* [DATA PROVIDED]
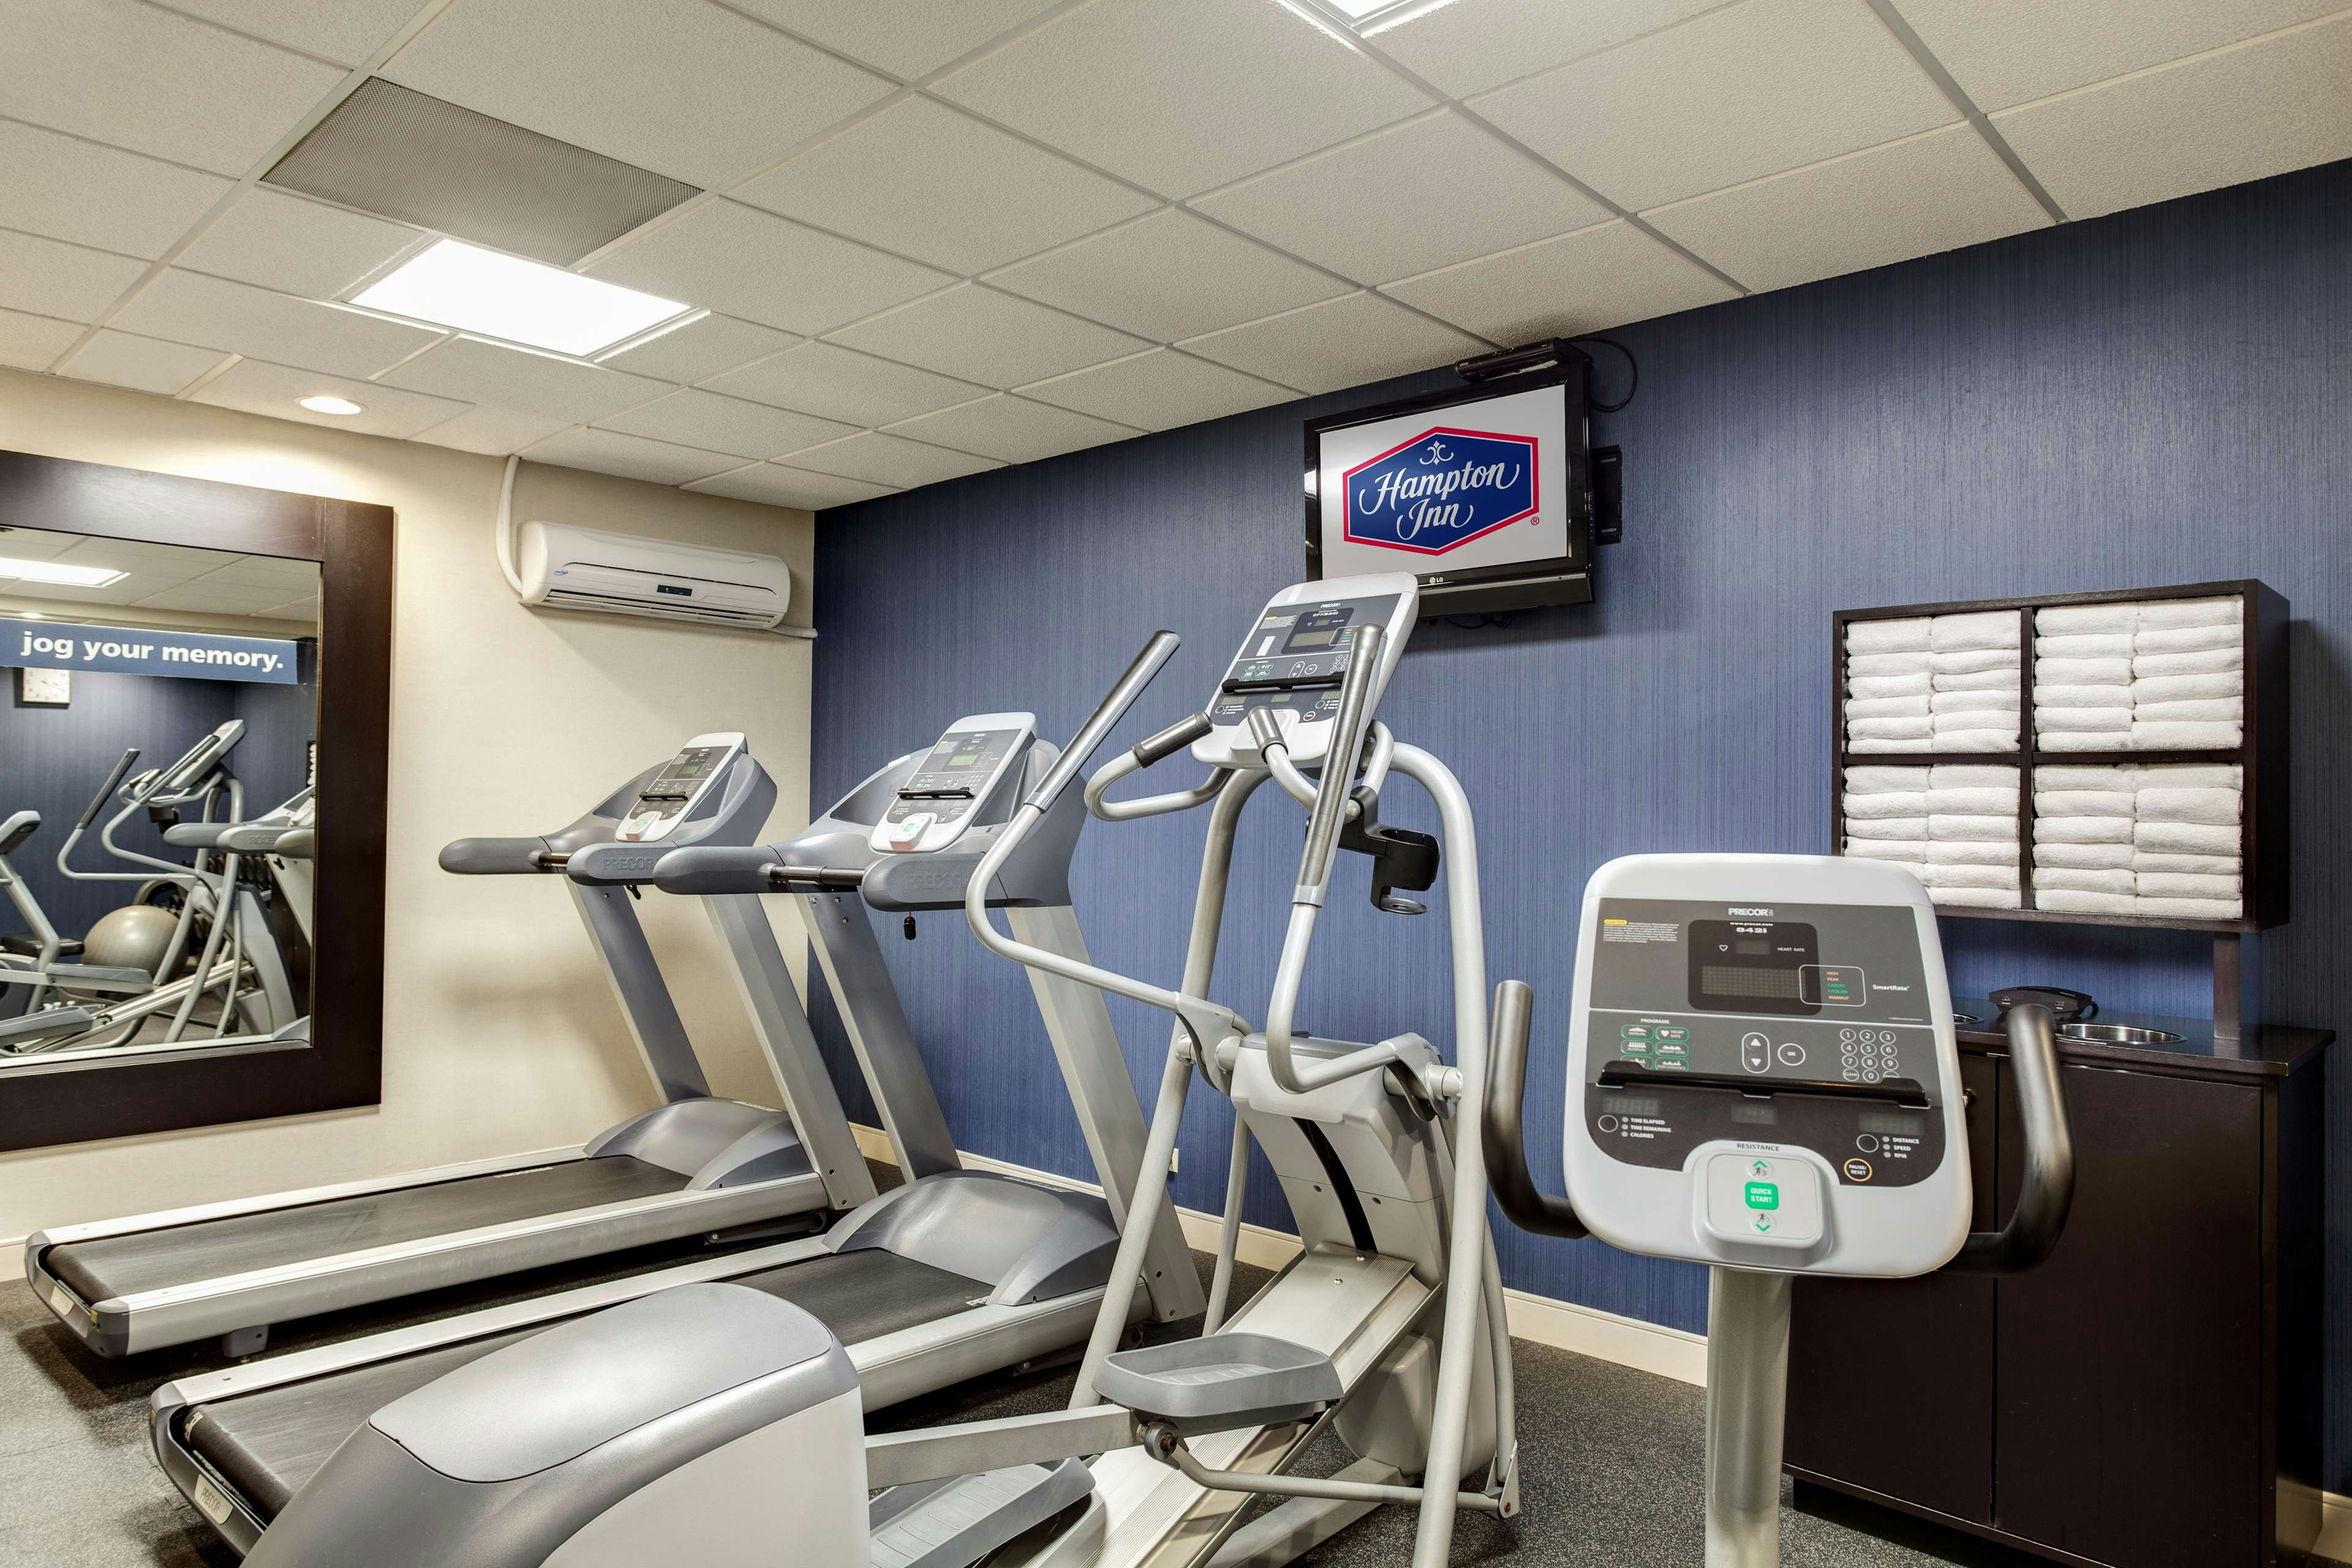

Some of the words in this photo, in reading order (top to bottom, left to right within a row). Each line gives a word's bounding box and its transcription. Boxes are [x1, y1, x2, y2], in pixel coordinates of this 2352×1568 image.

[1359, 460, 1520, 515] Hampton
[1396, 497, 1474, 540] Inn
[20, 631, 74, 658] jog
[83, 639, 154, 661] your
[162, 645, 284, 672] memory.
[1728, 908, 1769, 917] PRECOR
[1736, 1143, 1780, 1152] RESISTANCE

* [YOUR OBJECTIVE] Retype all of the material above precisely as it reads. Pictures are not part of the copy.

* [SOLUTION TO THE EXERCISE]
Some of the words in this photo, in reading order (top to bottom, left to right within a row). Each line gives a word's bounding box and its transcription. Boxes are [x1, y1, x2, y2], in pixel coordinates of this 2352×1568 image.

[1359, 460, 1520, 515] Hampton
[1396, 497, 1474, 540] Inn
[20, 631, 74, 658] jog
[83, 639, 154, 661] your
[162, 645, 284, 672] memory.
[1728, 908, 1769, 917] PRECOR
[1736, 1143, 1780, 1152] RESISTANCE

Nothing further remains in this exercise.